Ecocardiogramma con Contrasto Salino

Esistono vari metodi di indagine che accoppiano tecniche contrastografiche all’uso di ultrasuoni e che consentono di valutare lo stato delle strutture cardiache e del flusso di sangue, sia normale che patologico (ecocontrastografia bidimensionale ad alta definizione, ecocardiografia color doppler).

Tale metodica viene utilizzata principalmente per il riscontro di anomalie strutturali cardiache, quali in primisi il forame ovale pervio (PFO) , la persistenza o l’assenza di strutture  vascolari (persistenza VCS sin; assenza VCS dx ;  ritorni venosi anomali del circolo sistemico).

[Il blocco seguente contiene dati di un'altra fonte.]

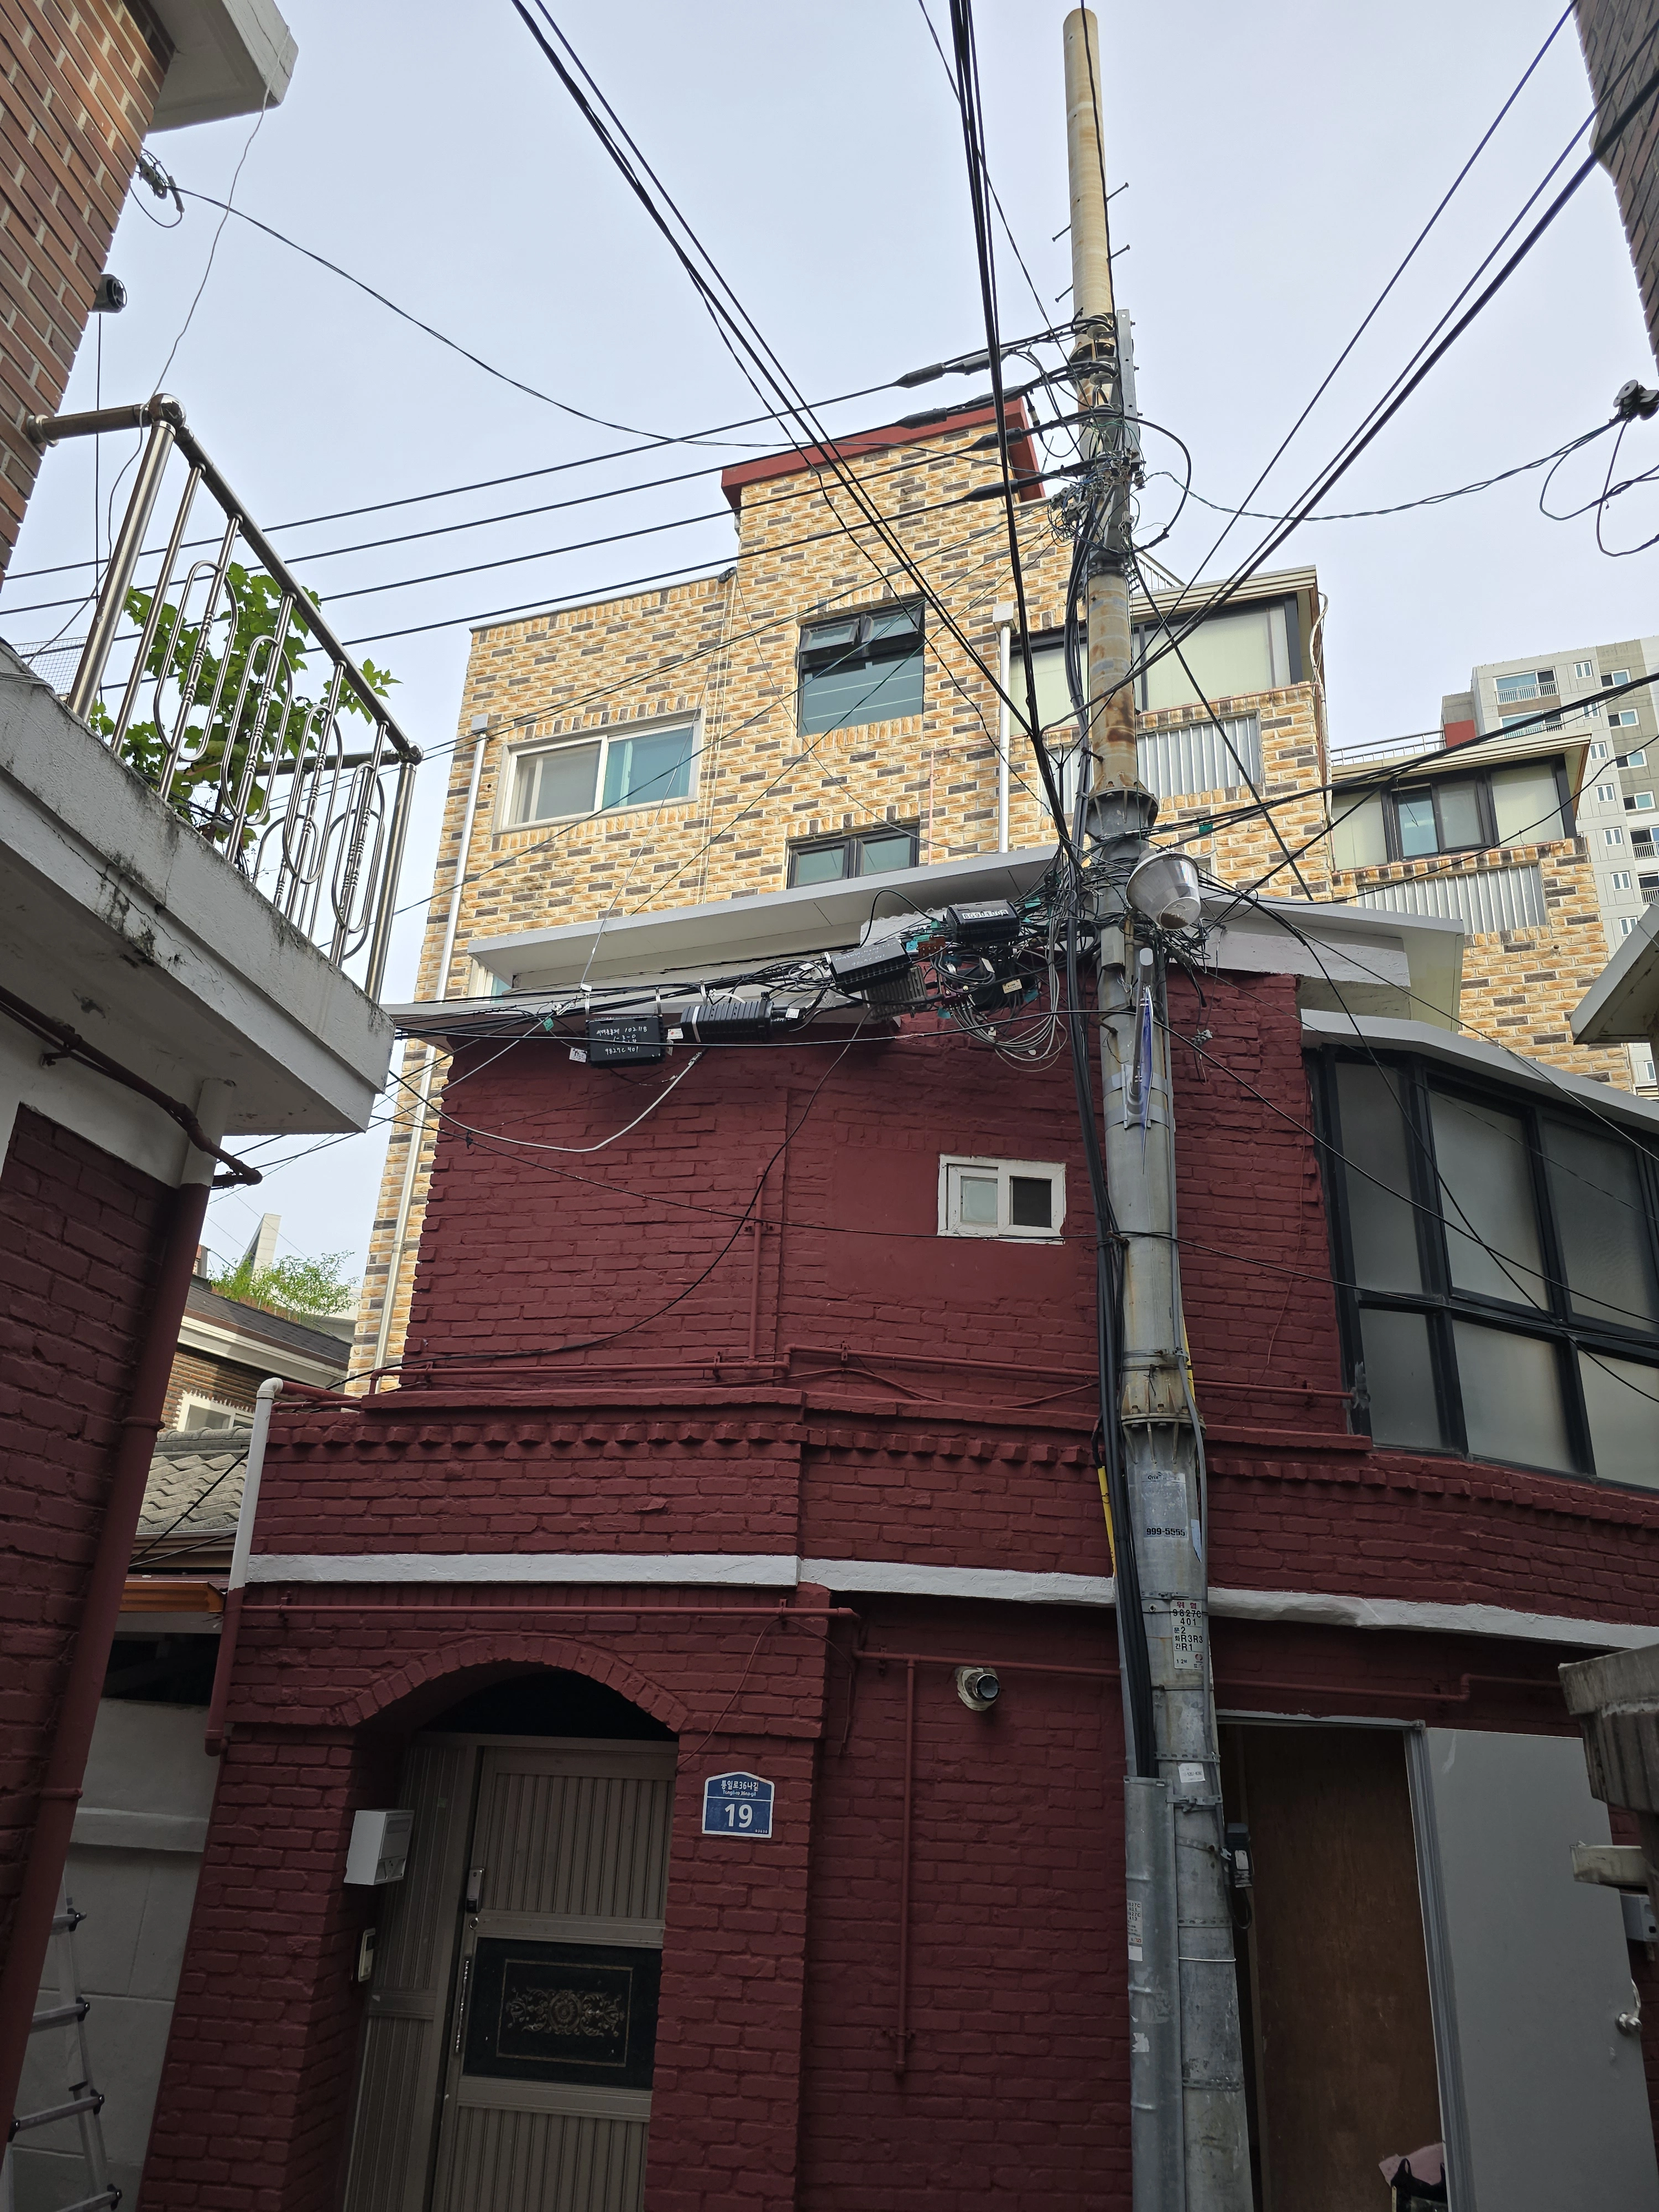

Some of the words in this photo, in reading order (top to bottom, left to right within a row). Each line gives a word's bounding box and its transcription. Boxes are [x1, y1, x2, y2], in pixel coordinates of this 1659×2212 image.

In pratica, viene iniettata in vena una soluzione salina contenente microbolle che, una volta giunte al cuore, permettono di rilevare il tipo e l’entità di un eventuale variante anatomica.
Il metodo Doppler visualizza molto bene le bolle gassose e la direzione del flusso circolatorio, che apparirà in blu quando è in allontanamento dalla sonda e in rosso quando si sposta in direzione opposta.
L’uso della soluzione salina con microbolle non ha evidenziato nessuna conseguenza particolare e la metodica è considerata pressochè sicura.
La sensibilità diagnostica aumenta se questo esame viene associato alla manovra di Valsalva (ovvero la manovra del ponzamento).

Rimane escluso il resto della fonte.